STF diz que terras quilombolas da Amazônia não podem ser tituladas a terceiros
O Supremo Tribunal Federal (STF) decidiu hoje (18) que terras quilombolas e de comunidades sociais localizadas na Amazônia Legal não podem ser regularizadas em nome de terceiros. A decisão proferida no julgamento impede que seja dada interpretação jurídica desfavorável à concessão de títulos de terras aos remanescentes das comunidades dos quilombos, garantindo determinação da Constituição.
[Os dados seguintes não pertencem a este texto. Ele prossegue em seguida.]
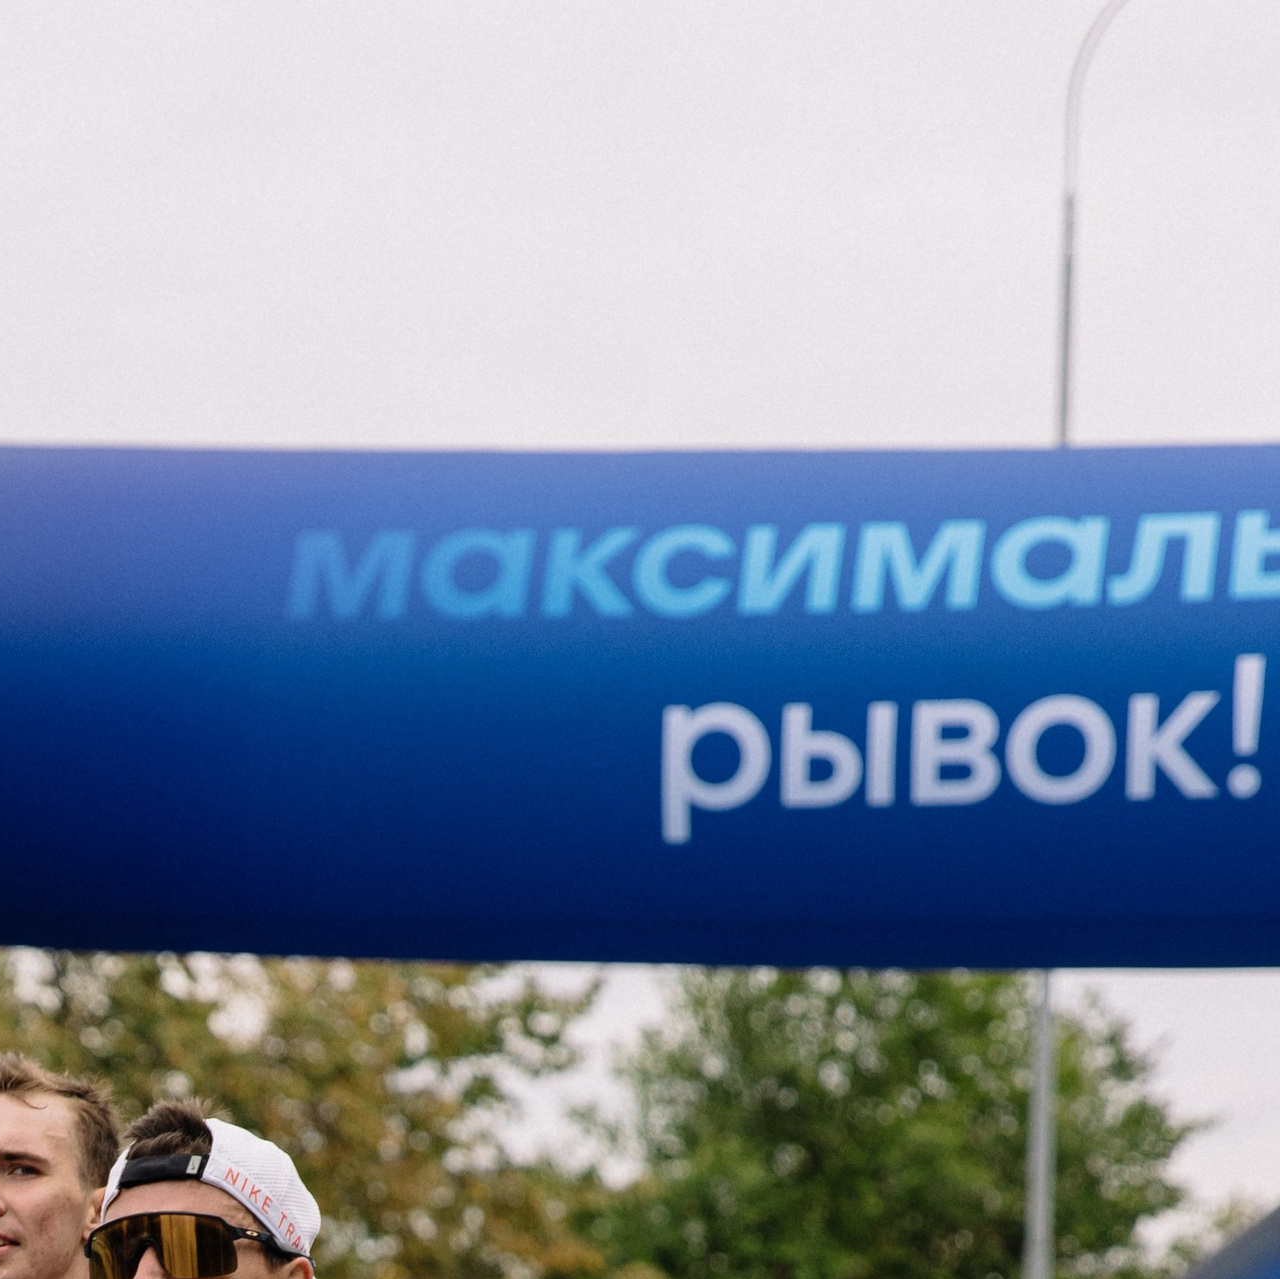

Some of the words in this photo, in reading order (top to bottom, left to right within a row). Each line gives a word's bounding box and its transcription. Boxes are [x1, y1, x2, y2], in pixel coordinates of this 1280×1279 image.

[661, 652, 1267, 845] рывок!
[223, 1167, 273, 1215] NIKE
[278, 1211, 307, 1253] TRAI
A Corte julgou uma ação protocolada pela Procuradoria-Geral da República (PGR) em 2009 contra dispositivos da Lei 11.952/2009, norma que criou regras para a regularização de terras localizadas em propriedades da União na Amazônia. A procuradoria pretendia conferir interpretação da Constituição para garantir o entendimento de que terras quilombolas não podem ser concedidas a terceiros, como produtores rurais, nos processos de regularização.
A maioria da Corte seguiu voto do relator, ministro Edson Fachin. Acompanharam, os ministros Luís Roberto Barroso, Rosa Weber, Luiz Fux, Ricardo Lewandowski, Celso de Mello e a presidente, Cármen Lúcia.